Wow! watched the documentary on channel 4 last night. I didn't realise it was as hard as that. Big respect.
No wonder people are buying a TomTom and working for UBER :surprise:


----------



## chilly (Apr 20, 2007)

Nobody else saw it then?


----------



## cabby (May 14, 2005)

Yes I watched it. I see they have nice new offices now, even a coffee and water cooler, what ever next.:grin2::grin2: The Brighton knowledge was based on the same idea.but as the area was not as large, fortunately it only took approx 12 months. It is not just the roads and routes, but places as well, hotels shops clubs stations and so much more.


----------



## charlieivan (Apr 25, 2006)

Not only do they have to know the roads and places, they also seem to have to know something about the history of some of the landmarks and statues. There was a whole series of the knowledge a few years ago if I remember correctly.


----------



## chilly (Apr 20, 2007)

It was nice that they showed respect to each other, using Sir and Maam.


----------



## cabby (May 14, 2005)

Yes indeed there was.One should mention that a cabby is expected to know virtually every place in the area he works in, as you say the history included. Some of us went on a course to learn a lot of the history of Brighton to a level that allowed us to be a qualified tourist guide approved by the council.With all those dates I felt that I was in the Middle East.>


----------



## havingfun (Oct 31, 2007)

*the knowledge*

the manchester test used to be horriblely hard, when peter and david my two sons decided they wanted to be cab drivers like bernard,my new partner,now husband,he took it on himself to teach them. we had a huge map of manchester, it filled one wall in our lounge,and he used to set them routes, and they had to work out the best way of getting there and memerise the roads on the way, then bernard would give them a list of pubs etc,and they had to work out which went where,no wonder we all love him,he got them through no problem,2 of the youngest cab drivers in manchester.

bernard still will get in a cab and give a pub and crossroads,to see how good the driver is,but now they all use satnavs, they call on their radio,and get co.ods, he thinks thats cheating............

mags


----------



## nicholsong (May 26, 2009)

When I was driving for a trav el company we had about 150 VW T5s. The company was based in Reigate Borough. 

The trips we did to deliver clients to airports and ports for their holidays were free(included in the package) so were not for Hire and Reward, nontheless the Borough deemed that we needed Private Hire licences for all the vehicles and all the drivers, even though some vehicles and drivers were based in Leeds, Exeter et. and many of the guys had never been to Reigate in their lives.

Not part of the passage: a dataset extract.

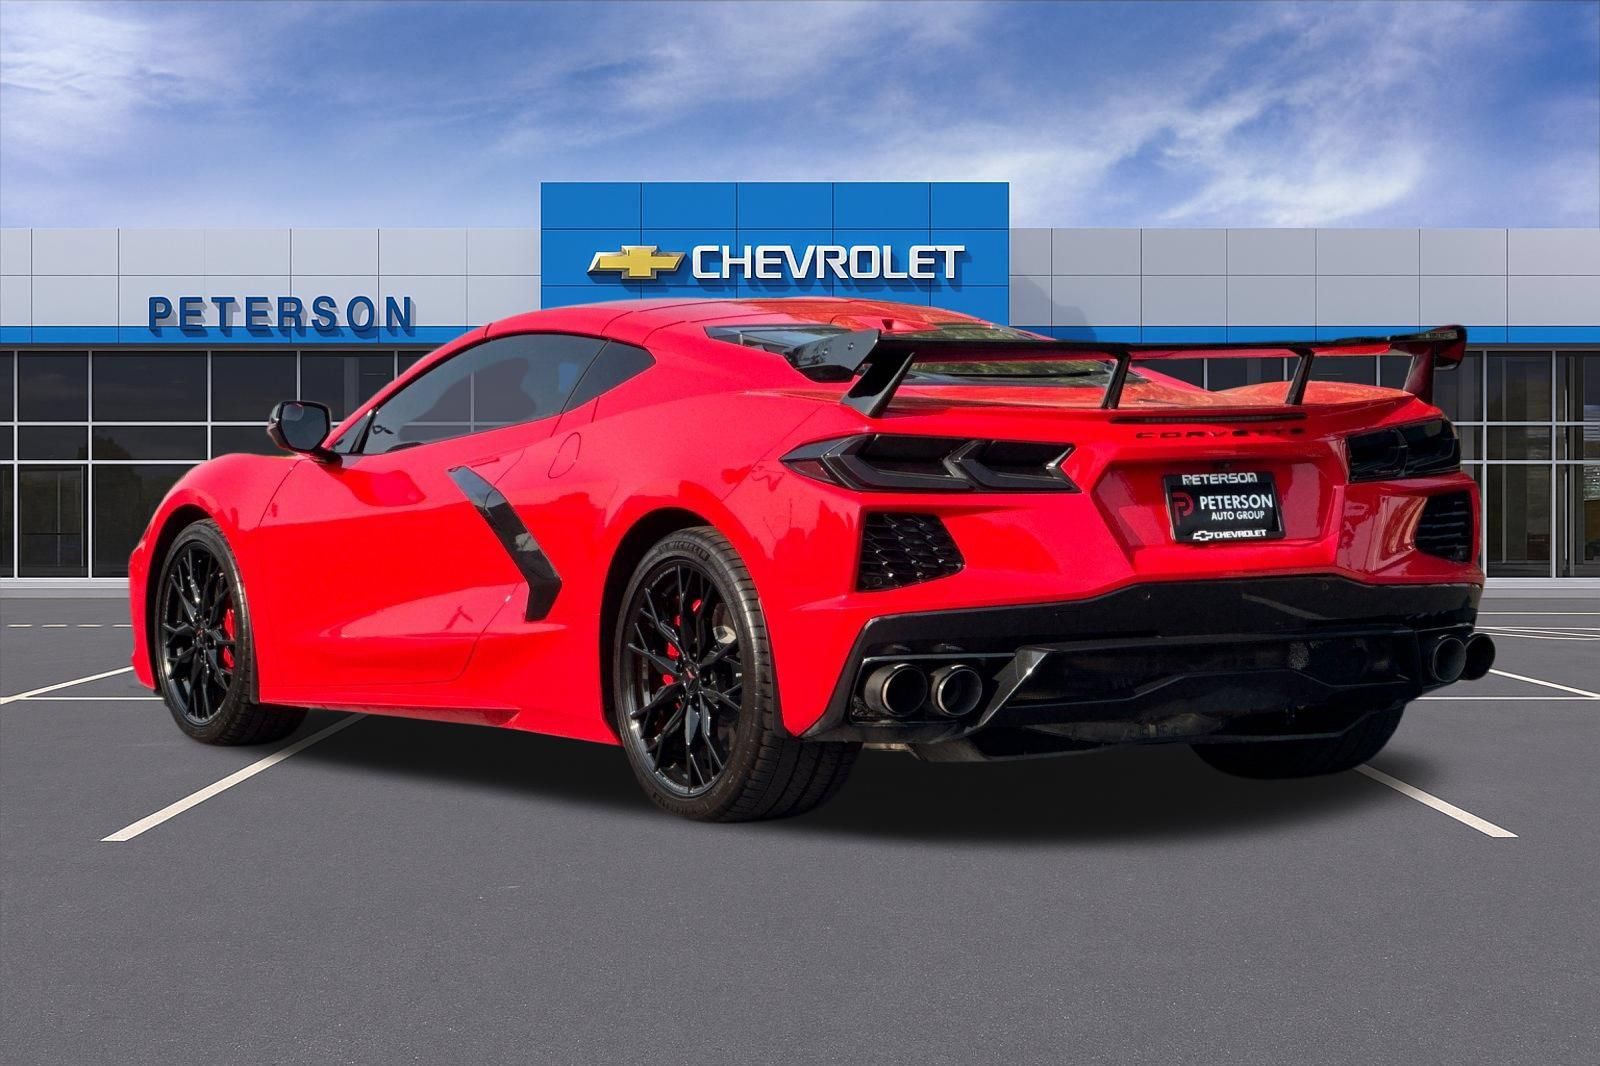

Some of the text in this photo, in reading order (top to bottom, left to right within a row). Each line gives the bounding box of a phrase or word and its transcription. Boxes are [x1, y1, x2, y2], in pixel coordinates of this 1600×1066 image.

We all had to go to Reigate to be 'tested' by a Borough employee on being able to navigate a route in Reigate. We were given an A-Z and asked to point out a route from A to B. The examiners also knew it was a farce, since of the thousands of pick-ups we did in a year only a dozen might be in the Borough and that we relied on satnavs, because nobody can have the 'Knowledge' of all England and Wales:surprise: Before satnavs we had designated pick-up points in each town and copies of the street maps in a file at our bases.

What a total and utter waste of time and money, just because nobody would take the responsibility of exempting our company from the regulations. If I had been in charge I would have shopped around for a more flexible Local Authority and moved the nominal transport base to their area.

Of course it was a good little earner for Reigate - 150 vehicle and 250 Drivers' Licence Fees FFS:surprise:


----------



## barryd (May 9, 2008)

Just watched it. 2-4 years to get your badge they reckon. A lot to remember. I would have liked to have found out more about where they go from there though. Presumably your self employed and have to buy your own cab, or lease one. I presume the average salary of £37k is after expenses surely, wont go far in London. Dont they cost a fortune?


----------



## Spacerunner (Mar 18, 2006)

Last time I took a taxi I was driven by a professor of zoology from Estonia and I had to give him turn by turn directions!


----------



## Glandwr (Jun 12, 2006)

I worked for Yellow Cab for about 5 months in 71/72 in Philadelphia. Dead easy 2 days training and I was behind the wheel. A big Plymouth Fury with column 3 speed. City is grid pattern, East West avenues, North South Streets. Every 5th one named and all others numbered. I could take you to any block in the city even today. A bit like co ordinates. The suburbs were a bugger though.

Dick


----------



## cabby (May 14, 2005)

That was not a Black cab space runner. A cab now is around the £37k mark barryd.They have now produced an Electric one, but do not know cost.


----------